## What is required
Only the lines from the one containing "this 1600×1000 image." through the end of the material should be printed, exactly as they appear. Leave out pictures.
——
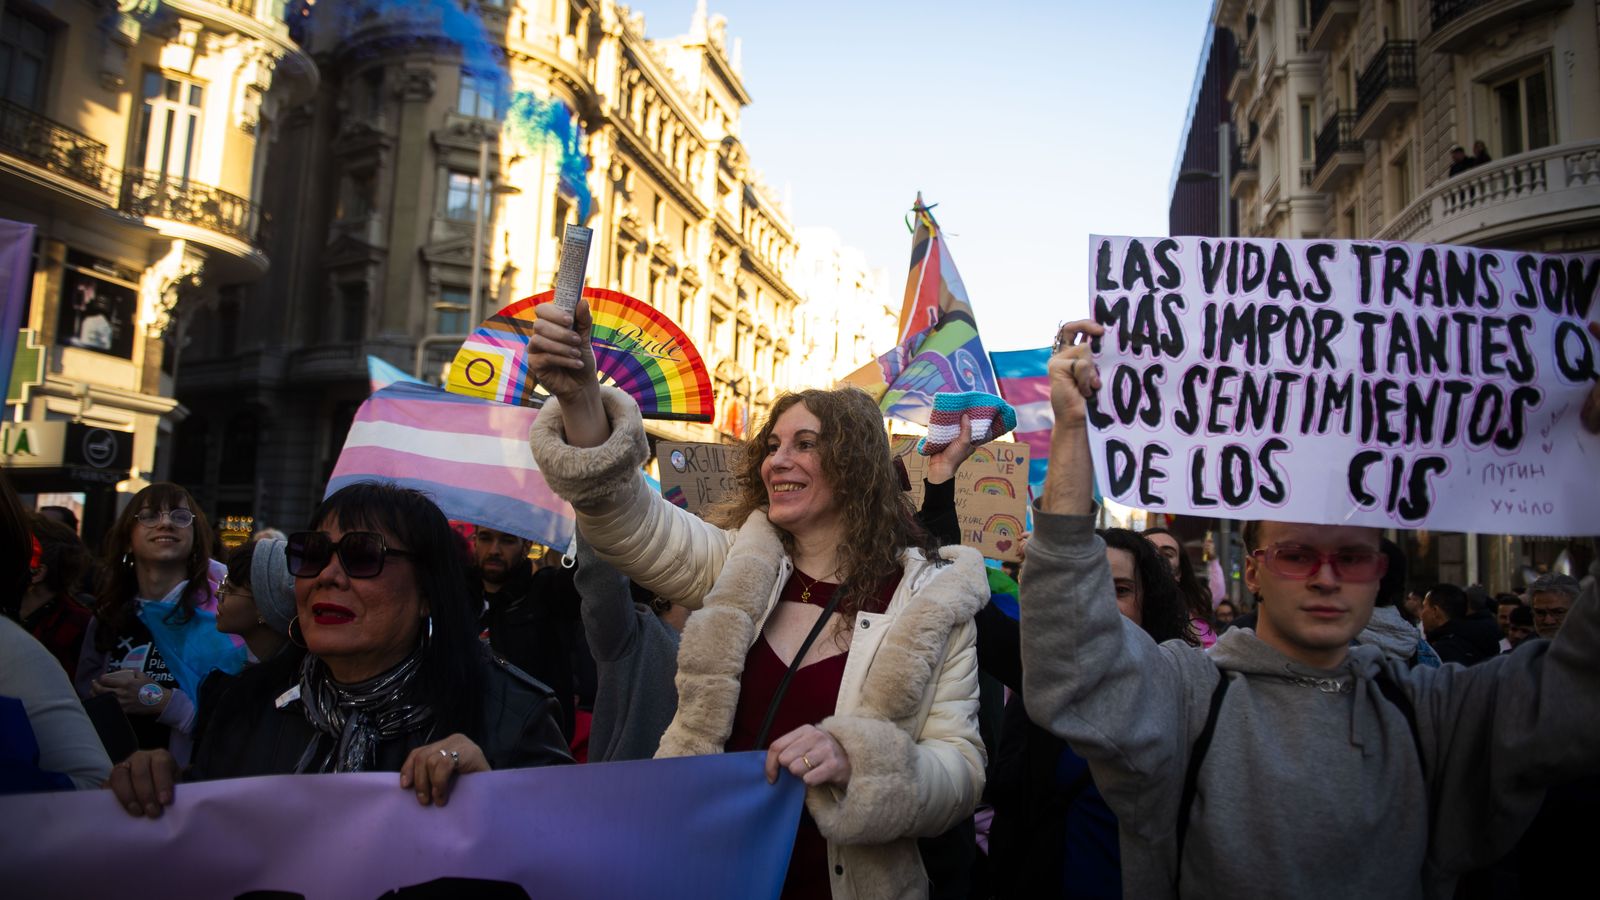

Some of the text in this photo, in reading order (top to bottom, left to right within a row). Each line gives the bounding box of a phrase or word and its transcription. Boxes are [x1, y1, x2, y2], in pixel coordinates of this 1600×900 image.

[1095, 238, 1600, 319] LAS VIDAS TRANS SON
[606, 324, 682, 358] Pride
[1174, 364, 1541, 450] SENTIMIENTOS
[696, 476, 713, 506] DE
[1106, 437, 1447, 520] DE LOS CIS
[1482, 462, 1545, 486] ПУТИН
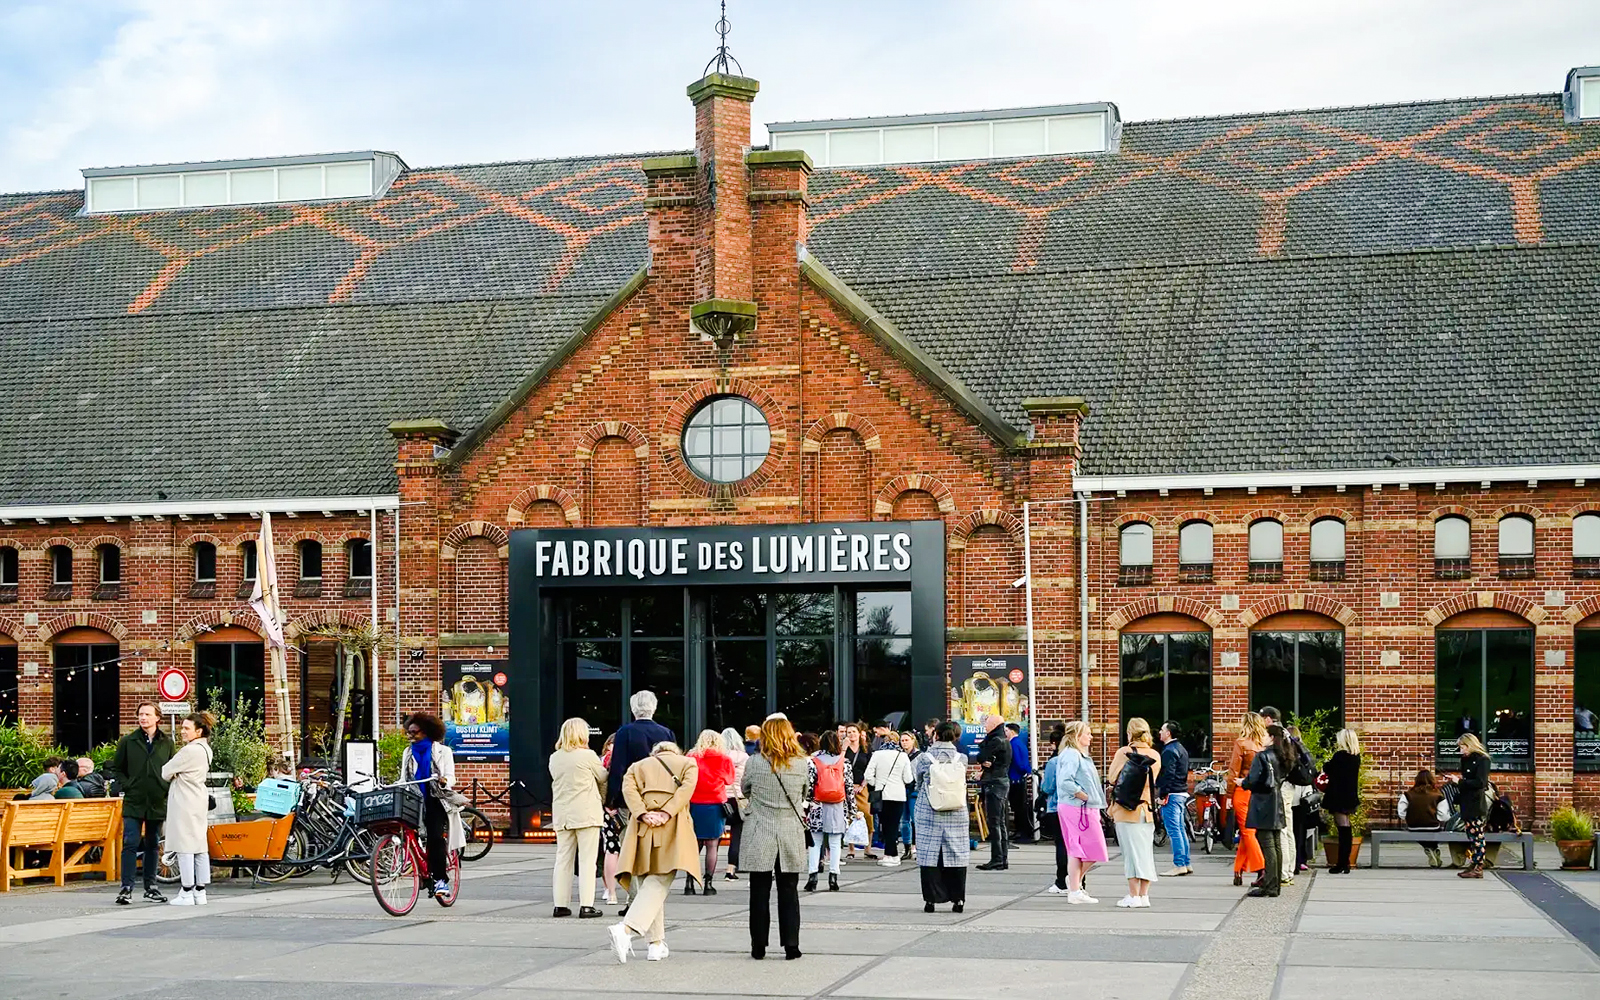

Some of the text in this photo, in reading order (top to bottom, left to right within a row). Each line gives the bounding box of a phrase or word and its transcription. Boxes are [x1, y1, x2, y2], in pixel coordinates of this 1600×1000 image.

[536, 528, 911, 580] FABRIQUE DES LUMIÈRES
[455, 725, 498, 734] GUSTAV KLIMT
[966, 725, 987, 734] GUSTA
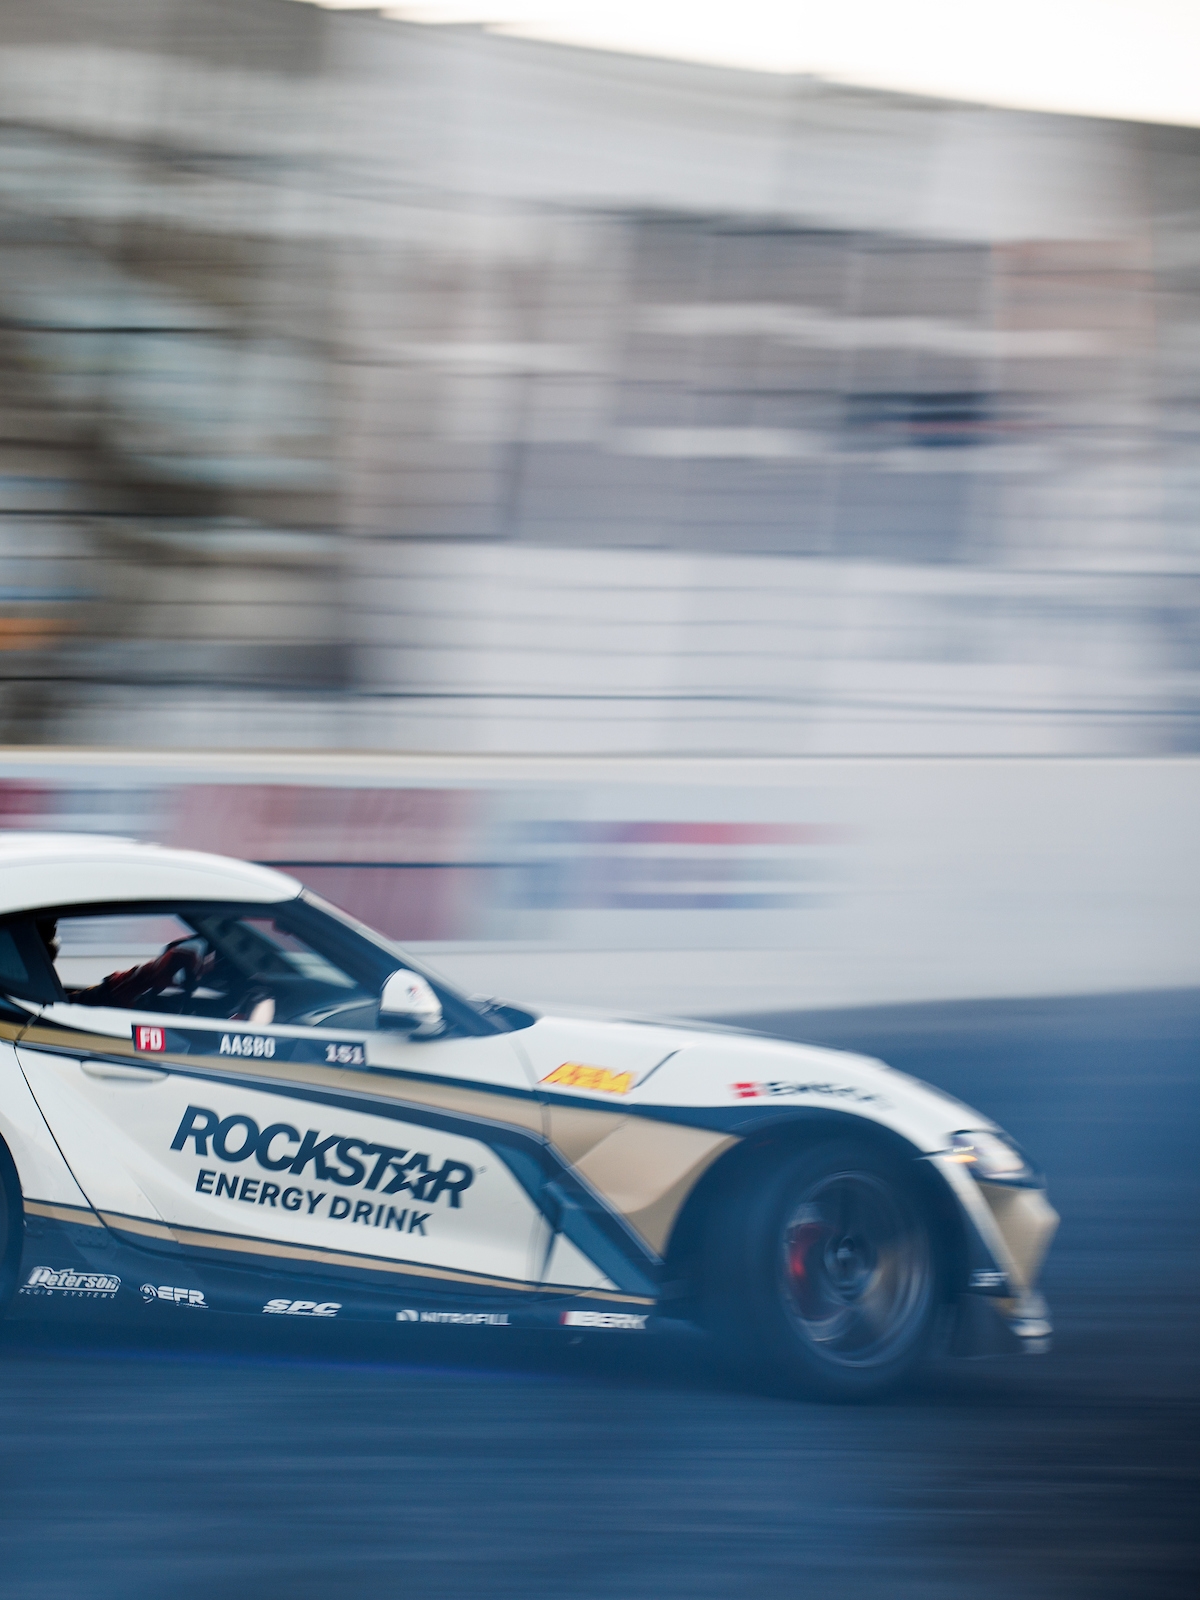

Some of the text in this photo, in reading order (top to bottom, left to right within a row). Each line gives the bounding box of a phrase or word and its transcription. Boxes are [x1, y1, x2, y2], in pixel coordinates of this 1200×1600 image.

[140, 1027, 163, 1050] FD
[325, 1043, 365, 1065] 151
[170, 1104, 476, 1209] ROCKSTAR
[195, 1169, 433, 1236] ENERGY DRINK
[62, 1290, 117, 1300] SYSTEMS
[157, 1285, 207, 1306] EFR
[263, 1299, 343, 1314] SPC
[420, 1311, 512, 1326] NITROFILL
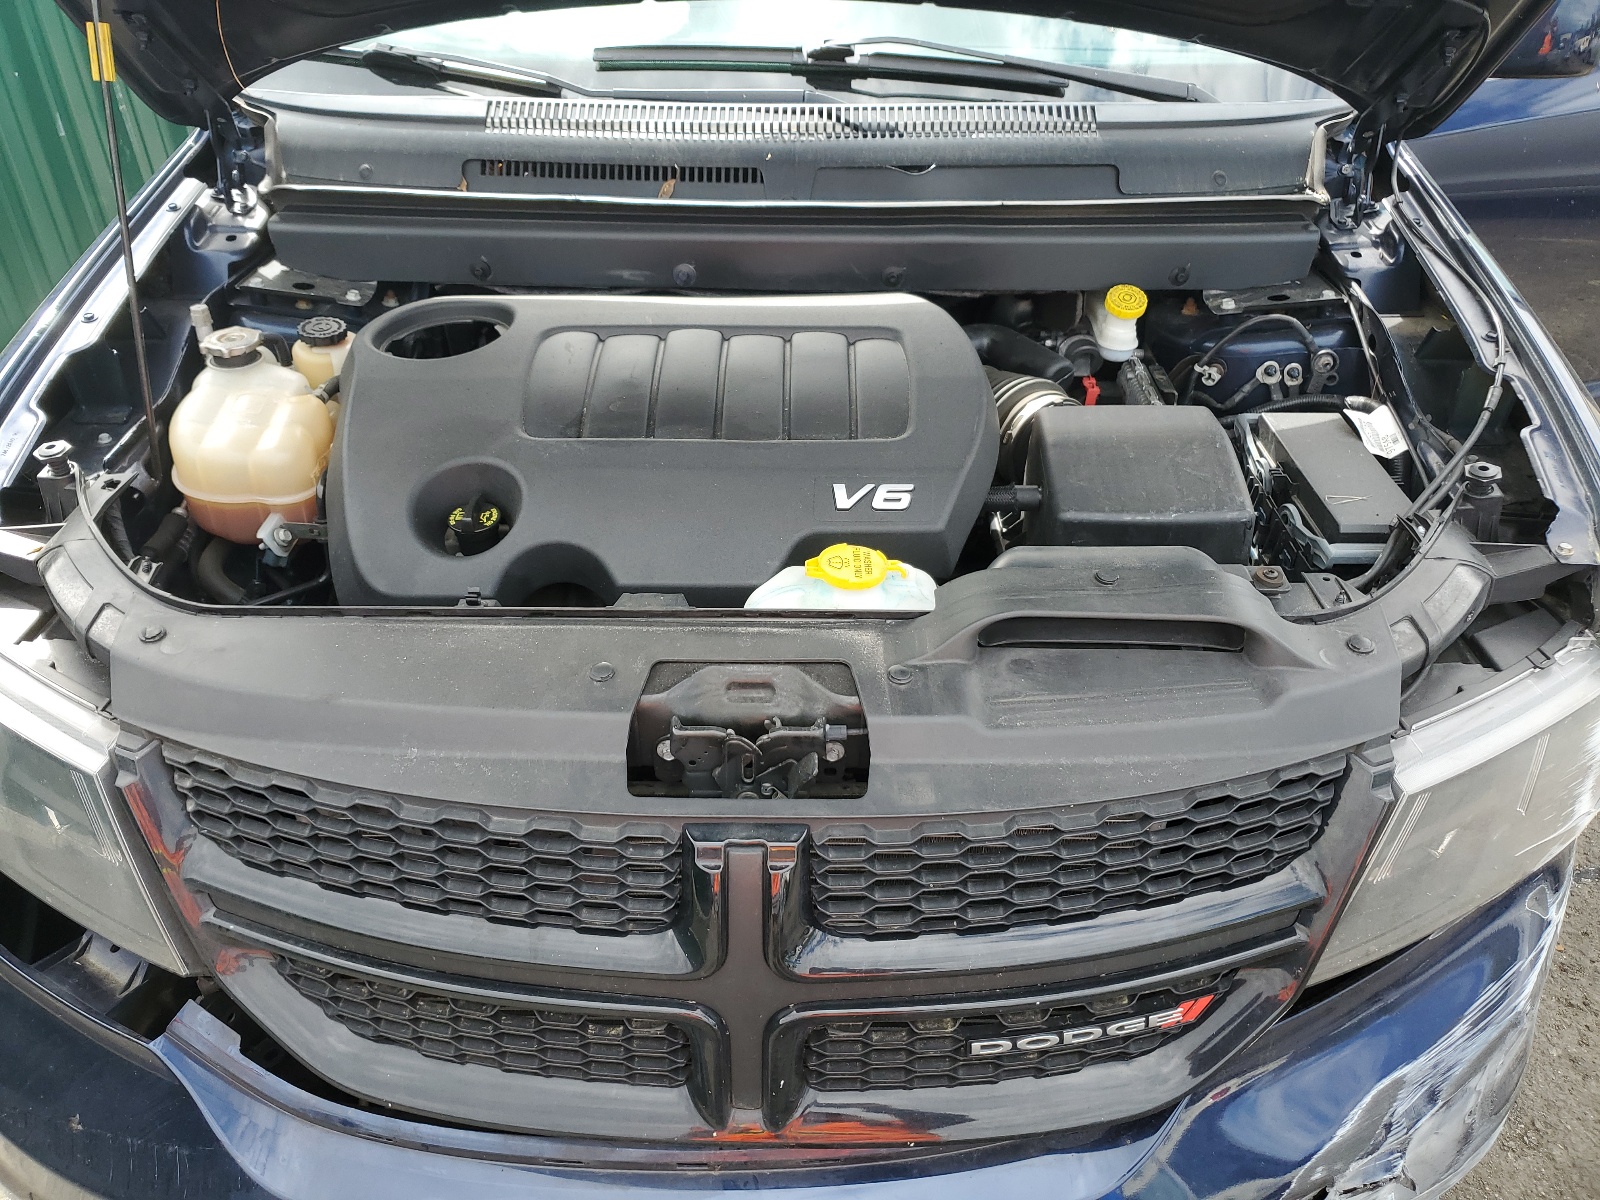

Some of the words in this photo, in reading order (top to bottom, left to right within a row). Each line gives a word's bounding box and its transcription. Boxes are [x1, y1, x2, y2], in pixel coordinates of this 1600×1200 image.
——
## Exercise response
Some of the text in this photo, in reading order (top to bottom, left to right within a row). Each line gives the bounding box of a phrase or word and its transcription. Boxes are [x1, y1, x2, y2], in pixel coordinates of this 1600×1000 image.

[536, 528, 911, 580] FABRIQUE DES LUMIÈRES
[455, 725, 498, 734] GUSTAV KLIMT
[966, 725, 987, 734] GUSTA

Some of the text in this photo, in reading order (top to bottom, left to right within a row). Each line gives the bounding box of a phrase or word and its transcription. Boxes are [x1, y1, x2, y2], in pixel coordinates of this 1200×1600 image.

[140, 1027, 163, 1050] FD
[325, 1043, 365, 1065] 151
[170, 1104, 476, 1209] ROCKSTAR
[195, 1169, 433, 1236] ENERGY DRINK
[62, 1290, 117, 1300] SYSTEMS
[157, 1285, 207, 1306] EFR
[263, 1299, 343, 1314] SPC
[420, 1311, 512, 1326] NITROFILL

Some of the words in this photo, in reading order (top to bottom, left to right within a row). Each line gives a word's bounding box and its transcription. Boxes are [x1, y1, x2, y2], in pixel coordinates of this 1600×1200 image.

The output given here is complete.